Joe Biden signed an executive order Wednesday in an effort to bolster U.S. cybersecurity defenses after a series of devastating hacks, including the Cy colonial pipeline attack, exposed vulnerabilities across businesses and governments.
“Recent cyber security incidents. . . The White House says U.S. public and private sector entities are increasingly exposed to the subtle malicious cyber activities of both state actors and cybercriminals, ”the White House said.
Under the order, federal agencies are required to introduce multi-factor authentication into their systems and encrypt all information within six months to make it more difficult for hackers to access their IT infrastructure.
The order also requires IT providers to meet higher security requirements and contract with the government to report to them if their systems have been violated. A senior administration official said there should be a strict deadline for publication on the sliding scale, depending on the severity of the incident.

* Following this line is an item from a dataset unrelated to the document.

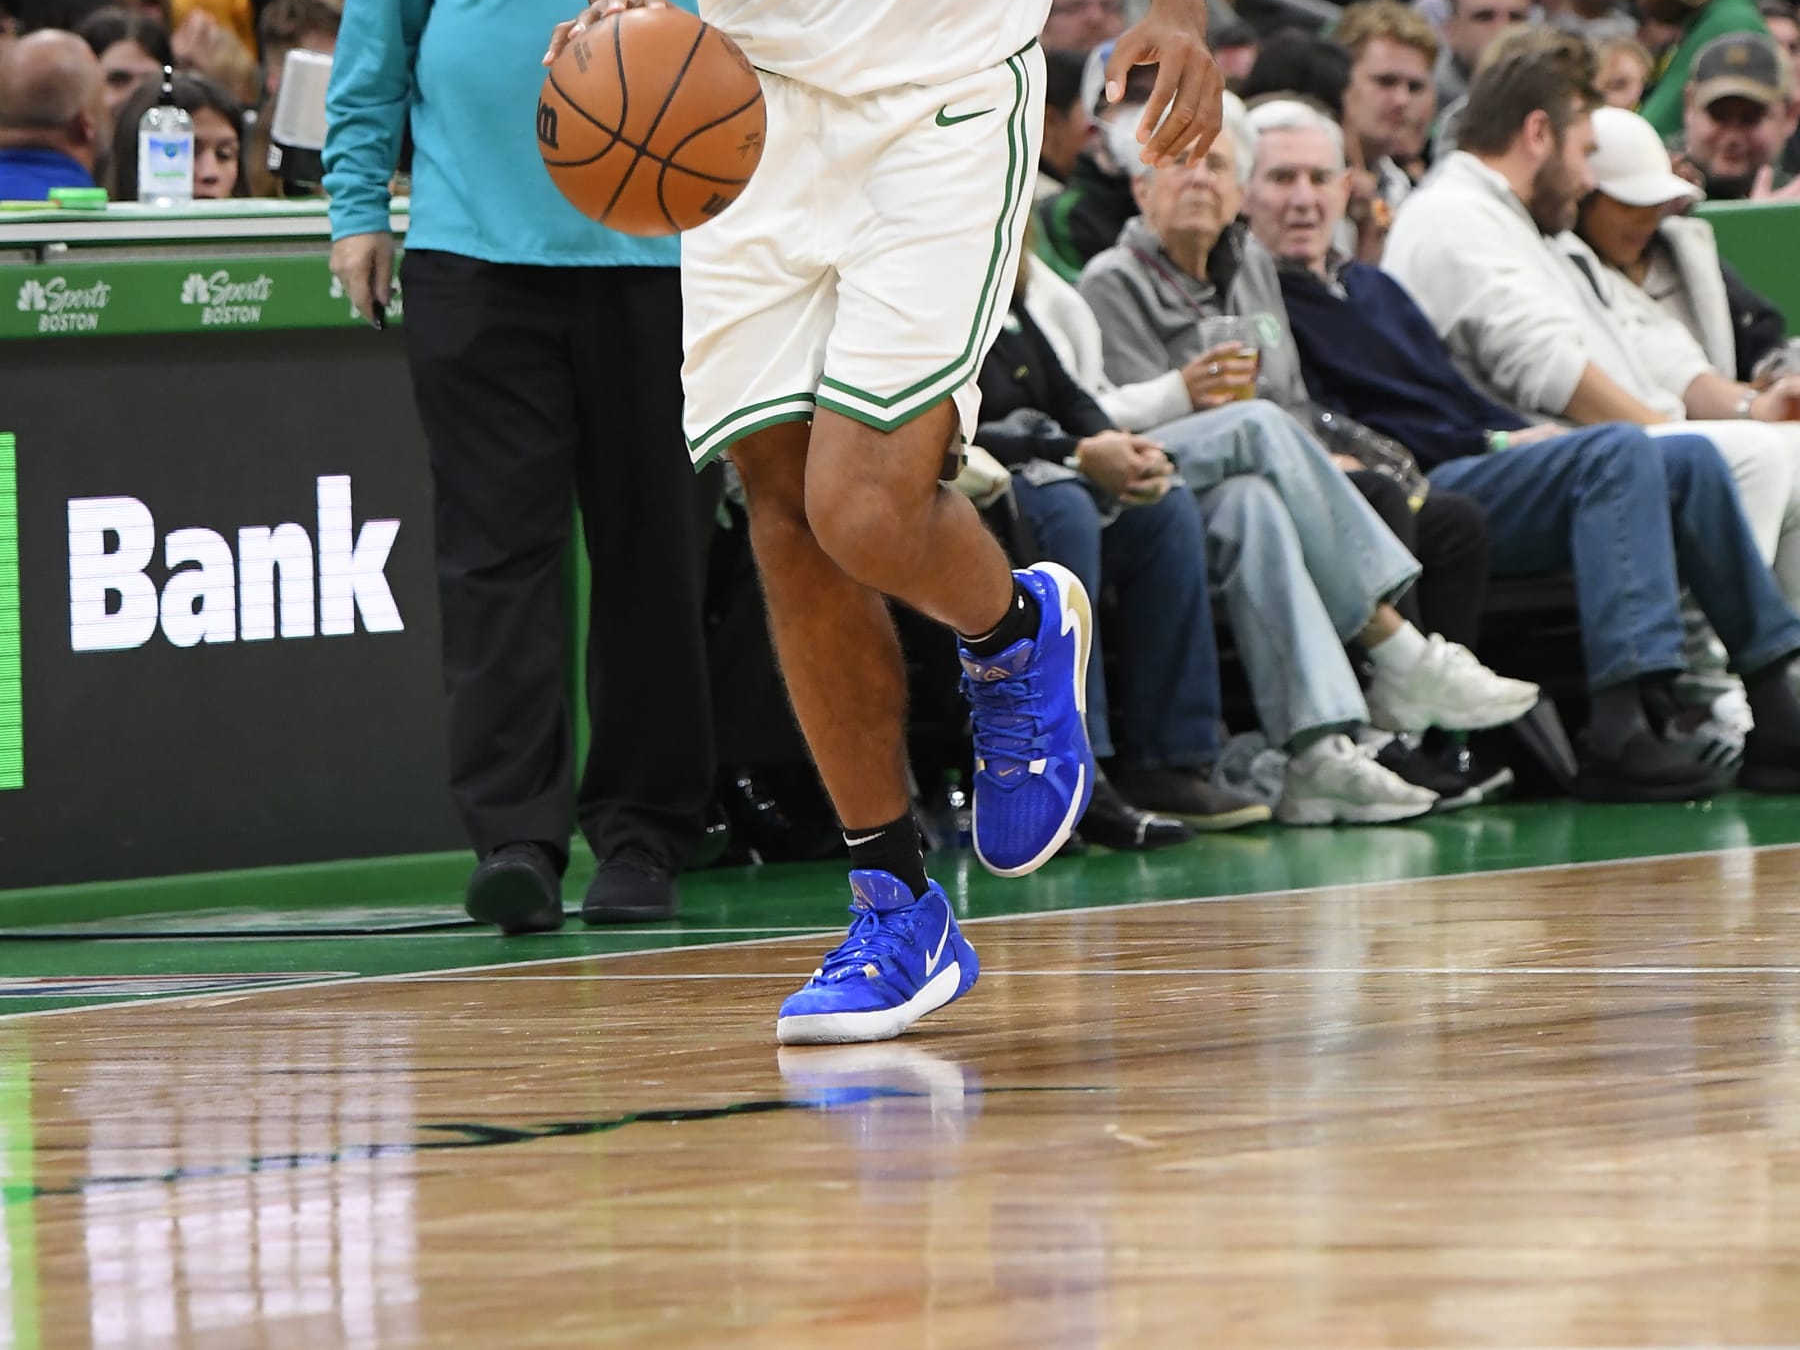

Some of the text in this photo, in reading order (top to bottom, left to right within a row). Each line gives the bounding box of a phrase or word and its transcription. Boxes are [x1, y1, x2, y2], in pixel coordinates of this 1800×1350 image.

A pilot of a new star rating system will also be launched for the software sold to the government, so that officials and the public can judge how secure it is.
Comes after taking action Solarwinds hack, In which Russian hackers hijacked American-made software to run espionage campaigns that targeted several companies, including the U.S. Department of Commerce and the Treasury, and agencies.
Earlier this year, it was raised that there were also Chinese state-backed hackers Management Phishing attacks on multiple targets using the recently revealed vulnerabilities in Microsoft software.
The order came after a group of cybercriminals launched a ransom attack in May after the Colon colonized East Coast pipeline was crippled and continued to run out of petrol and fuel. 5,500 mile pipeline system Activities have resumed On wednesday
The White House said in a statement that “these incidents share a common ground with inadequate cyber security protection, which puts the public and private sectors at risk.”
In an effort to streamline the flow of public cyber defense, the order seeks to introduce a “playbook” on how government agencies should respond to incidents and improve the following violations in logging and data-sharing.
It also sets up a private-public sector board to name the Cyber Security Safety Review Board, analyzing them after major cyber incidents have occurred and recommending that they not happen again.
The board, modeled on the National Transportation Safety Board, which investigates aircraft, aircraft and train accidents, will first be tasked with reviewing SolarWinds hacks, a senior administrative official said.